Bass Pro Shops has agreed to acquire Cabela’s for $5.5 billion, combining two of the nation’s largest outdoor gear retailers and almost doubling Bass Pro’s store count.
Both companies sell hunting and fishing equipment, with Bass Pro’s 99 stores mainly found in the eastern part of the U.S. and Canada, while Cabela’s 85 locations are concentrated in the western part of North America.
Cabela’s had announced on Dec. 1 that it would explore a sale amid pressure from activist hedge fund Elliott Management Corp., which said the shares were undervalued. Bass Pro said Monday it would pay $65.50 per share in cash for the company, representing a premium of 19.2% over Friday’s closing price.
“A driving force behind this agreement is the highly complementary business philosophies, product offerings, expertise and geographic footprints of the two businesses,” the companies said in a news release.
Bass Pro CEO Johnny Morris founded the retailer in 1972, working out of the back of his father’s liquor store in Springfield, Mo. The company is privately held and also owns White River Marine Group, which makes fishing boats.
“Today’s announcement marks an exceptional opportunity to bring together three special companies with an abiding love for the outdoors and a passion for serving sportsmen and sportswomen,” Morris said. “The story of each of these companies could only have happened in America, made possible by our uniquely American free enterprise system.”

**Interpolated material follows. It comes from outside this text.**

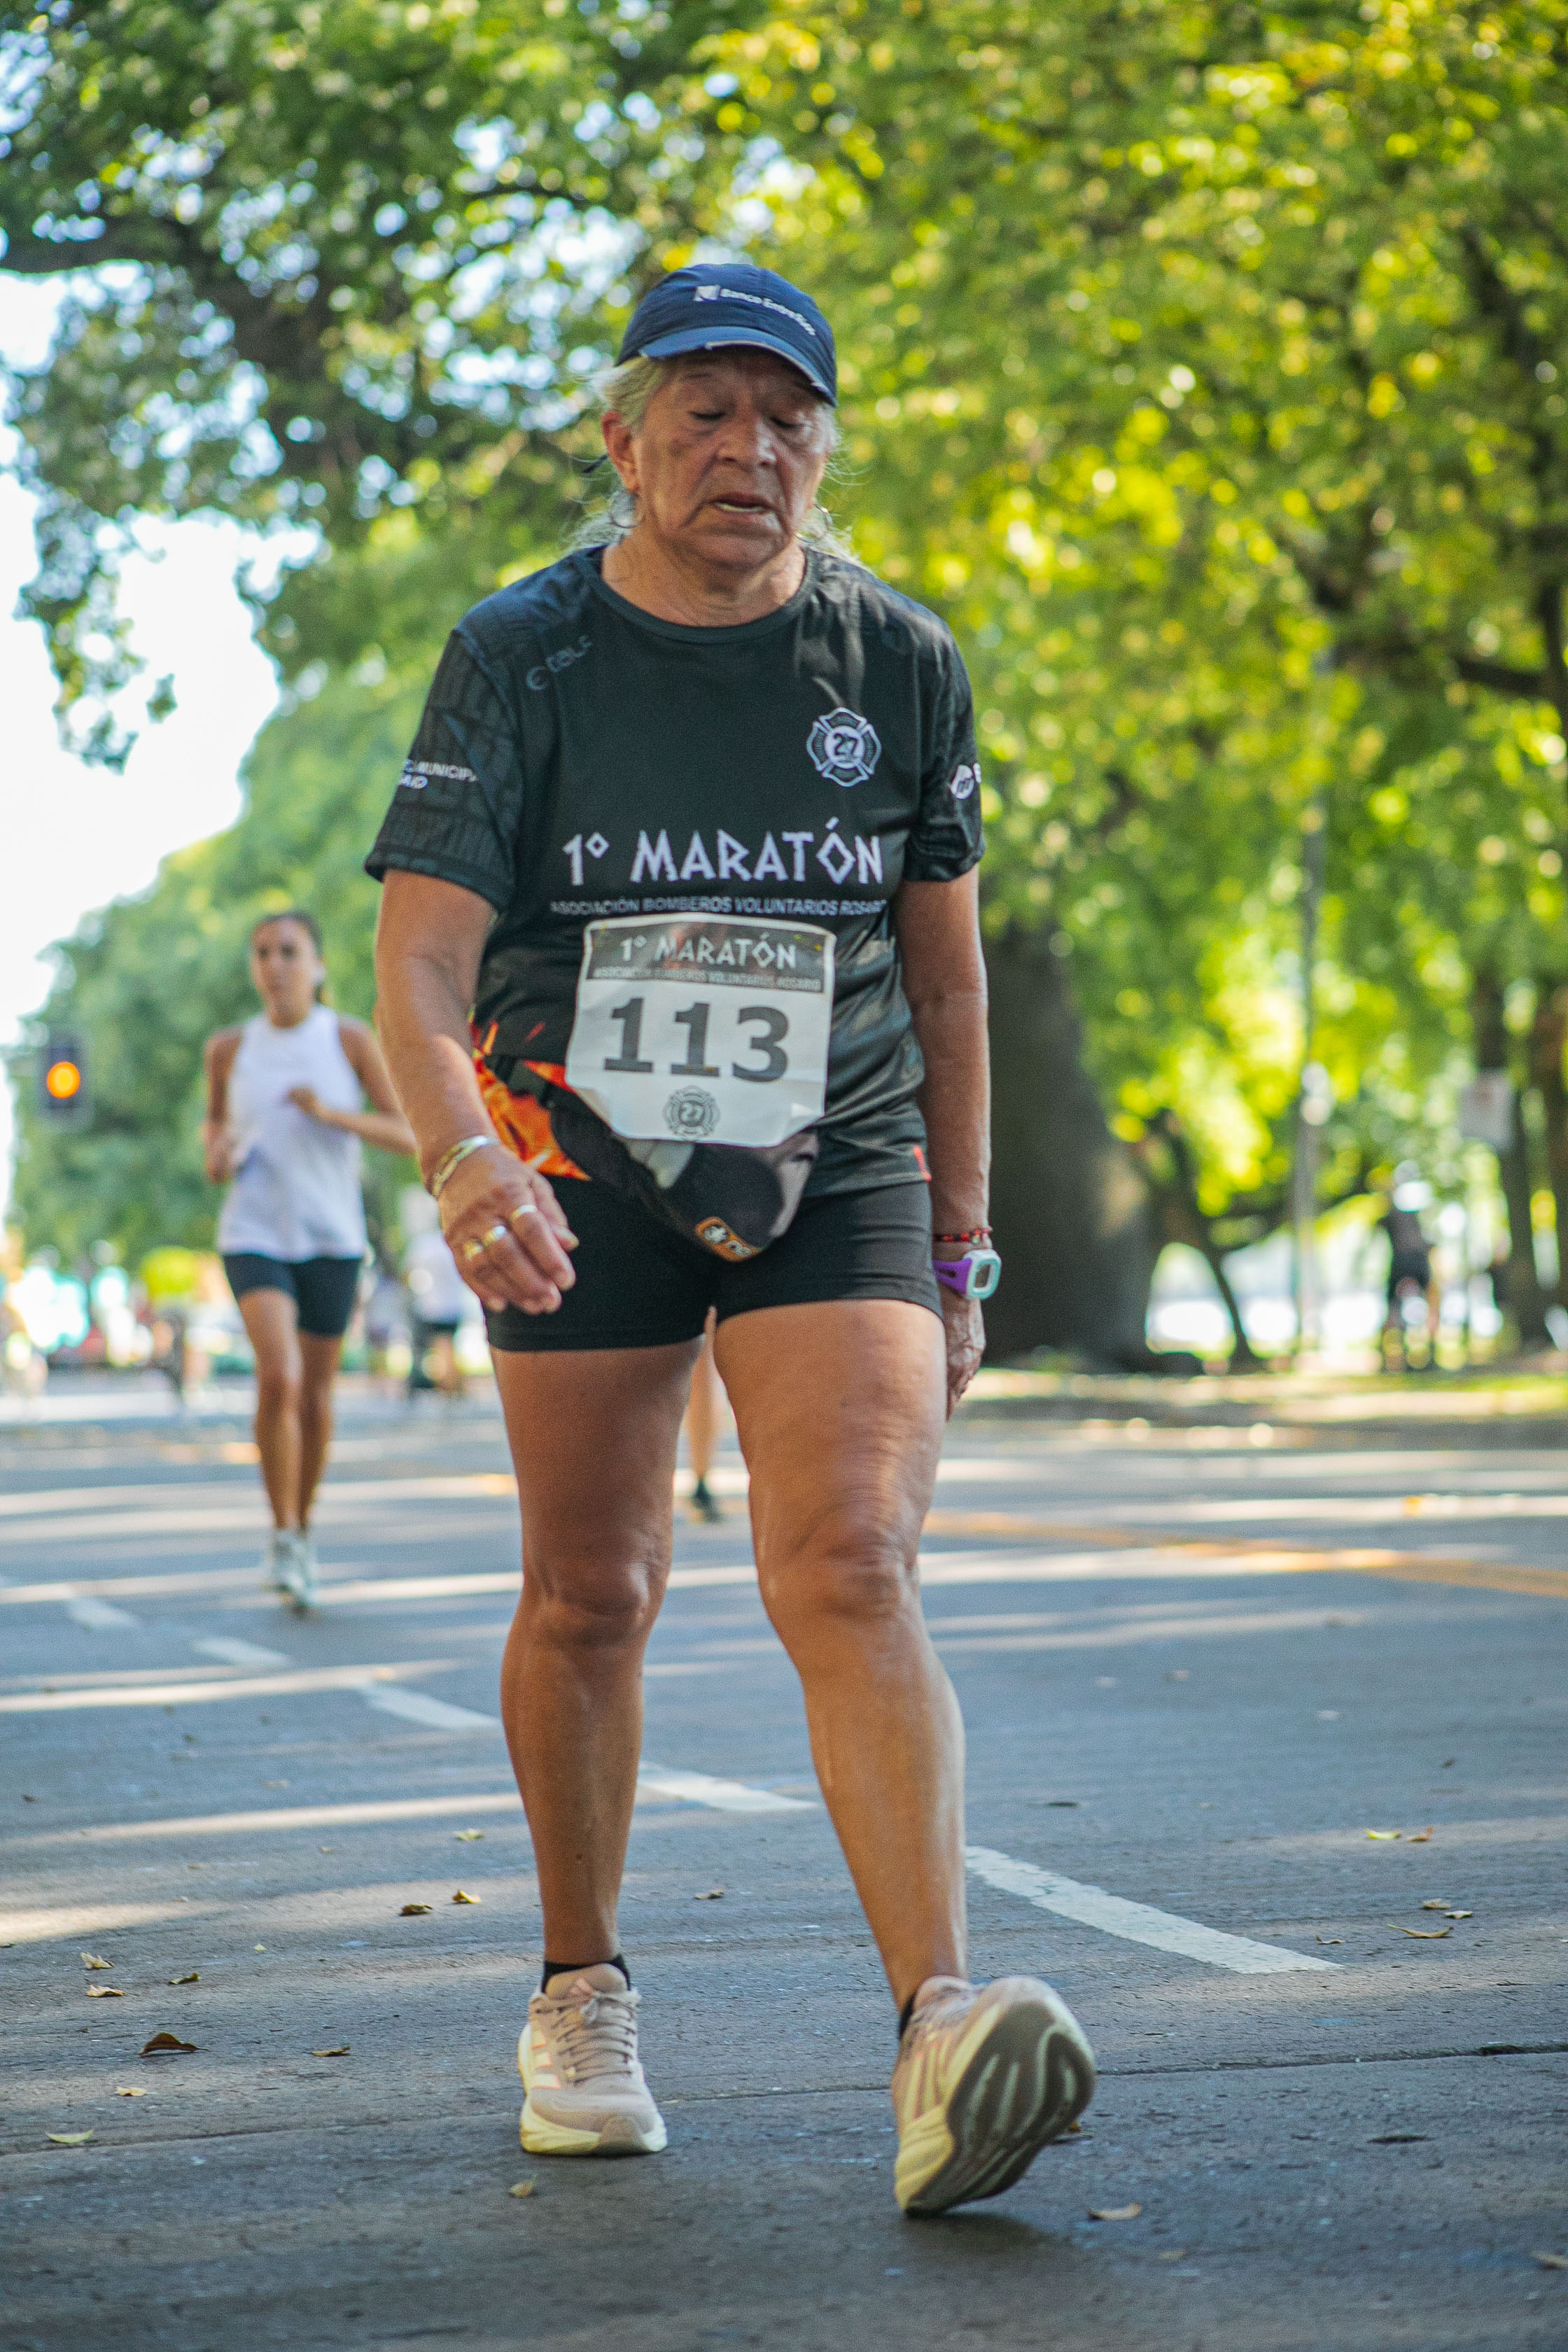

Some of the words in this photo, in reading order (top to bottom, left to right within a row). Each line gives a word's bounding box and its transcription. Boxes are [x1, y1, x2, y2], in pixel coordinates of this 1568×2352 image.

Cabela’s co-founder Dick Cabela died in 2014 and was succeeded as chairman by his brother Jim. As Reuters reports, the company “has grappled with declining sales of apparel and footwear and has reported same-store sales growth in only one quarter in more than three years.”
“Still, the company maintains a loyal following, with many customers willing to drive miles to shop at stores, as well as dine at its restaurants and visit its shooting ranges,” Reuters added.
In trading Monday, Cabela’s shares rose 15% to $63.18. The Elliott hedge fund now stands to make a profit of $419.2 million, nearly double what it paid to buy an 11.1% stake in Cabela’s, according to regulatory filings.